Extracted material:
== Segment start ==

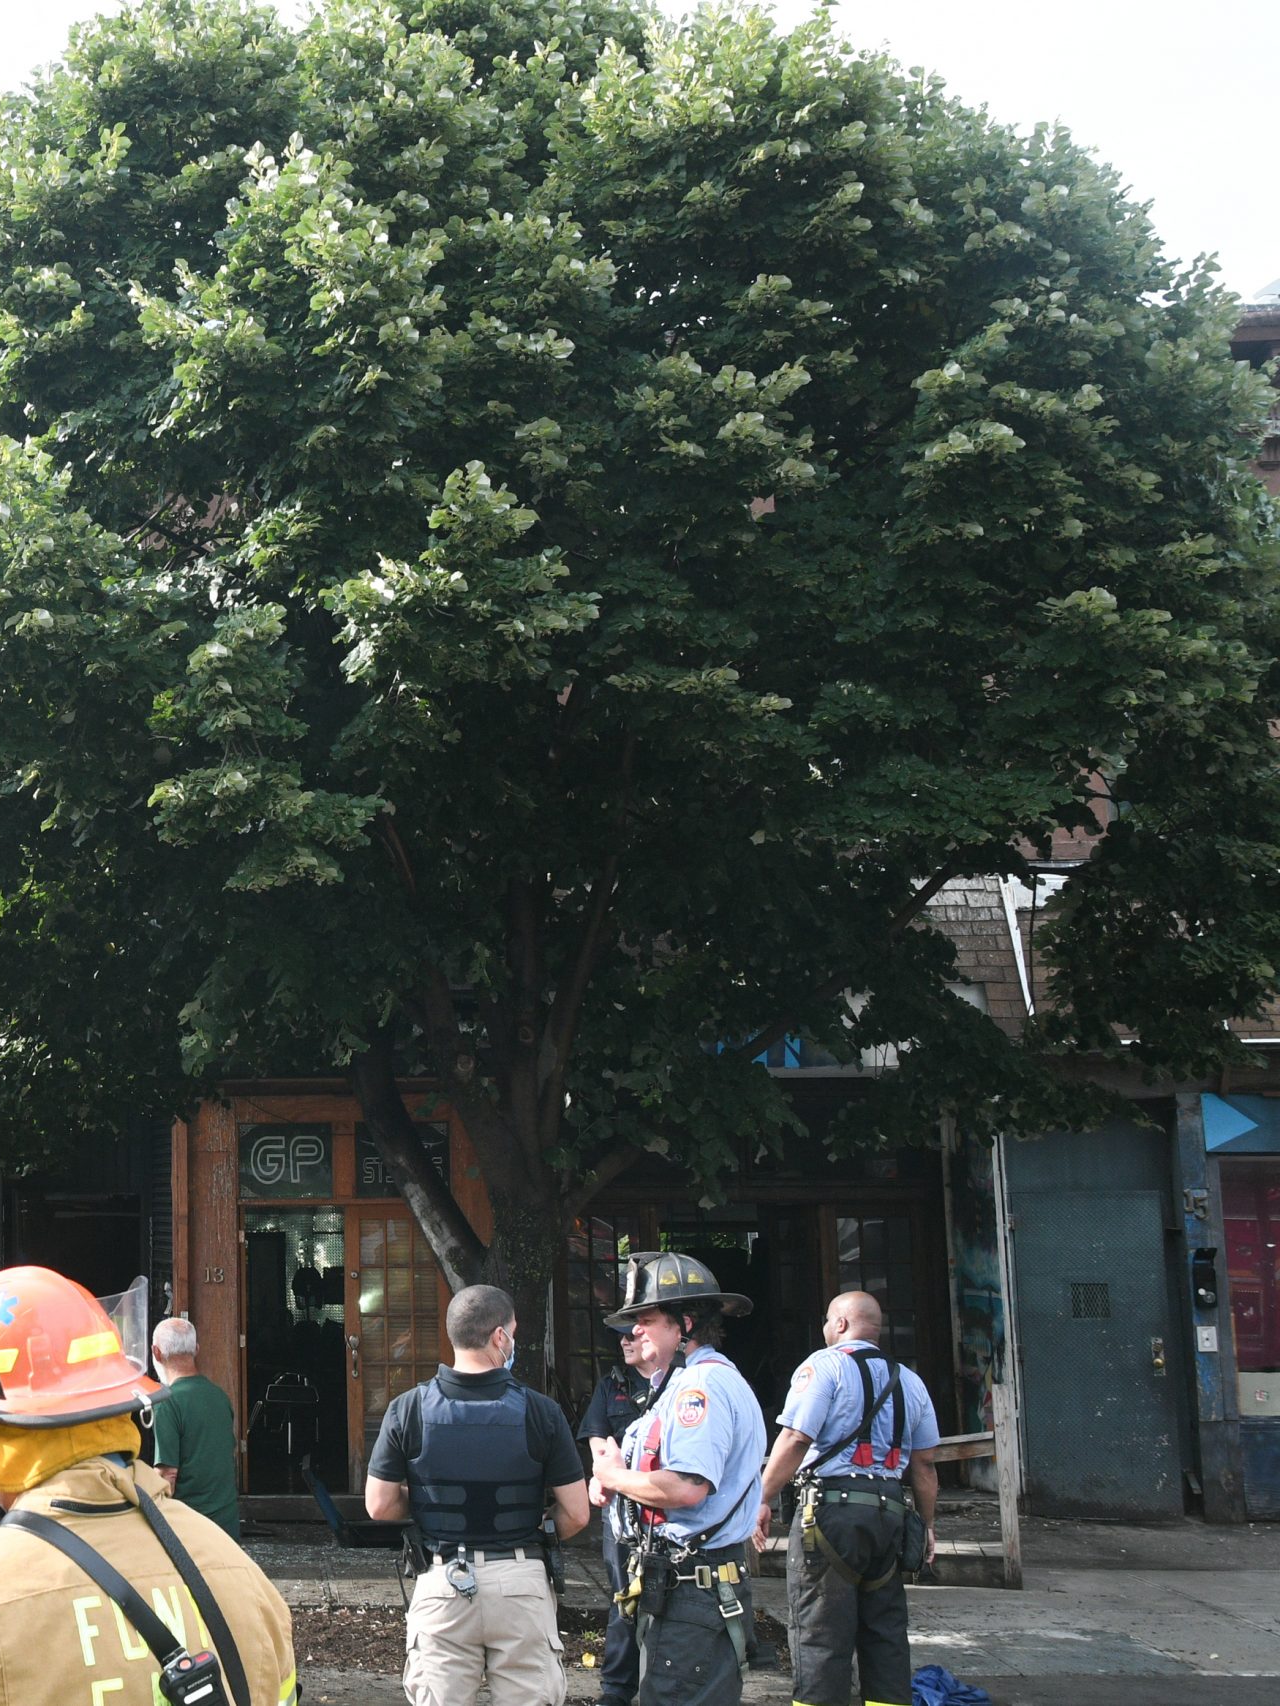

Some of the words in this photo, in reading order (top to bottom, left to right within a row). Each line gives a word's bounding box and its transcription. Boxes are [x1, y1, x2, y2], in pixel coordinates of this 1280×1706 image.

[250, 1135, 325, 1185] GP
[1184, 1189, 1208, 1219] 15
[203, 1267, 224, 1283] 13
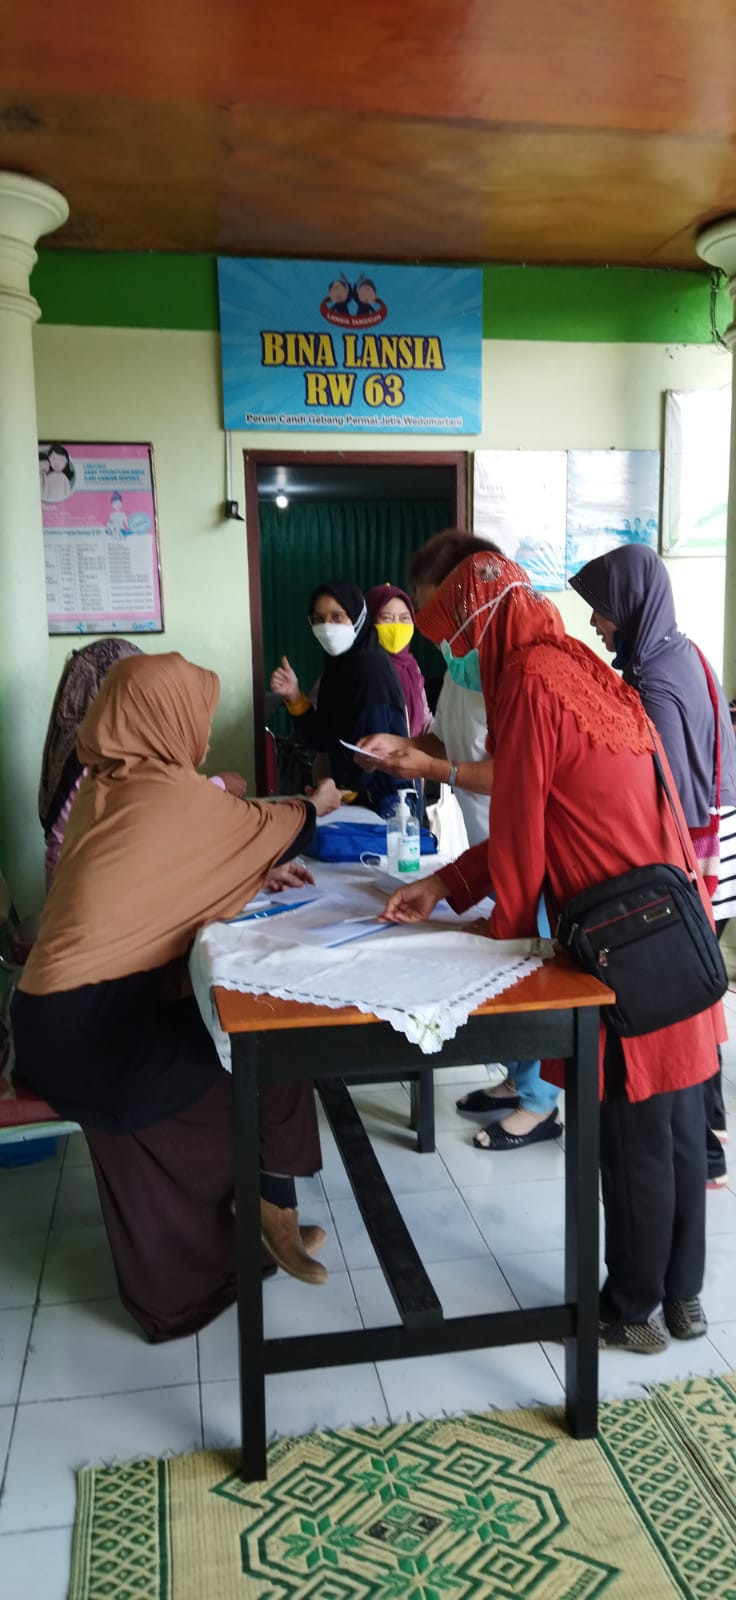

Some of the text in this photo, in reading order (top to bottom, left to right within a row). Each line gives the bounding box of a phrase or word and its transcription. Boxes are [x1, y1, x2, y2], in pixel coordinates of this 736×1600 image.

== Segment end ==

Task item:
In copying the material, drop all pictures and keep everything else identical.

Solution for this task:
Some of the words in this photo, in reading order (top to bottom, left to right within a row). Each line gives a word's bounding box and its transcription. Boxes are [x1, y1, x2, y2], in pixel coordinates of this 1280×1706 image.

[250, 1135, 325, 1185] GP
[1184, 1189, 1208, 1219] 15
[203, 1267, 224, 1283] 13

Some of the text in this photo, in reading order (top to bottom, left to right within a row). Each line gives the bounding box of a phrase or word and its transcription. Boxes are [x1, y1, x2, y2], in pixel coordinates of this 736×1600 image.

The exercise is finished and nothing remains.